Since the Boston Tea Party, Americans have been crazy for coffee, choosing it as their caffeine fix. But obviously that’s not the origin of java. Naturally, the history of coffee goes back much earlier.

A video clip that goes back to the very initial cup of coffee ever made and sipped, and afterwards it tracks the expansion of coffee around the globe. We all read the Ethiopian legend which claims the goat herdsman Kaldi uncovered the power of the coffee beans. However what happened afterwards?

So get out your Chemex, grind some beans, boil some water, and sit down to watch this history of coffee with a cup of your own.

Full story - the history of coffee

According to the legend, the energizing effects of the coffee bean were first uncovered by a goat herdsman called Kaldi, who lived on the Ethiopian plateau way back throughout the 9th century.

One day Kaldi discovered that after some of his heard had grazed on the bright red cherry of the coffee plant they appeared to possess limitless power, certainly more than the rest of his animals. As the story goes, this left them too stimulated to drop off to sleep in the evening, as their bundles of energy had them bounding everywhere.

A brief background

After Kaldi discovered how "spirited" his goats became after consuming the coffee berries, he ran to the local monastery to let the monks know. A monk developed a mixture from the berries and managed to stay up much later praying.

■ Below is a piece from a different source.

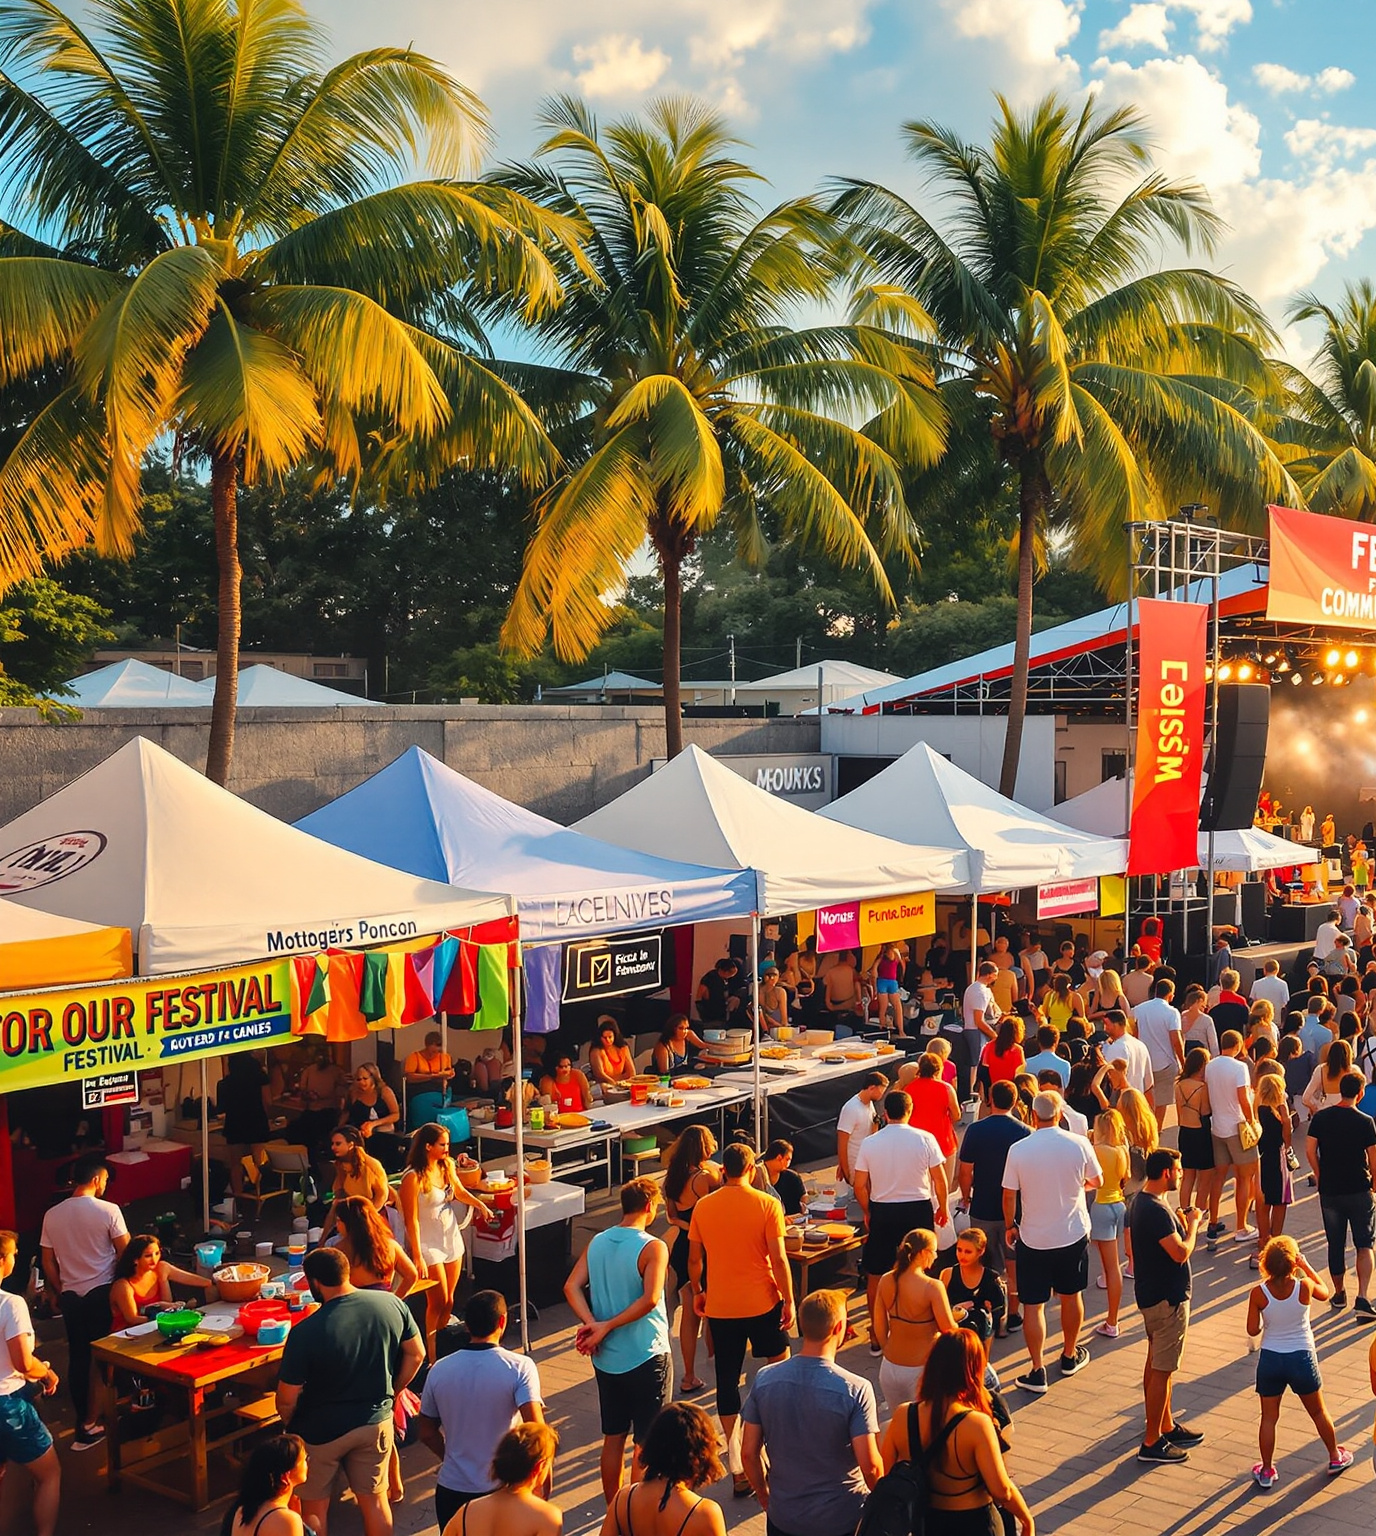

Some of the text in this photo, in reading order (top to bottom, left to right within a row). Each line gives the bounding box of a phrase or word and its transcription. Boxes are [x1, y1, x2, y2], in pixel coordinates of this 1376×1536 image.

News of this new brew spread into Egypt and right into the Arabian peninsula, where coffee traveled east and west, finally getting in southeast Asia and the Americas. And it's been popular since.

But if we are to follow facts only, and not legends, the first validated evidence of either coffee drinking or knowledge of the coffee tree is from the early 15th century, in the Sufi monasteries of Yemen, spreading out quickly to Mecca and Medina. By the 16th century, it had actually gotten to the remainder of the Middle East, South India (Karnataka), Persia, Turkey, the Horn of Africa, and northern Africa. Coffee after that infected the Balkans, Italy, and to the rest of Europe, along with Southeast Asia and despite the restrictions imposed during the 15th century by religious leaders in Mecca and Cairo, and later on by the Catholic Church.

Etymology

It turns out the term "coffee" originate from Arabic. The word got in the English language in 1582 via the Dutch koffie, borrowed from the Turkish kahve, subsequently borrowed from the Arabic qahwah.

There is an even more interesting theory of the origin of the word, which you can read on Wikipedia here.

Modern Coffee History

The contemporary times race for convenience and productivity recognized that people are "losing" too much time making coffee. This is how instant coffee was created. David Strang, a New Zealander created it in 1889. Freeze-dried coffee was invented in 1938.

Decaffeinated coffee was created by Ludwig Roselius in 1903, filling a need for individuals who are hypersensitive to caffeine.

The coffee filter, the foundation of one of the most preferred coffee developing method, the drip coffee, was created by Melitta Bentz in 1908.

Achille Gaggia invented the contemporary coffee machine in 1946. The very first pump-driven coffee maker was made in 1960.

Today coffee is still one of the world's most in demand beverages. Brazil is still the globe's biggest producer of coffee.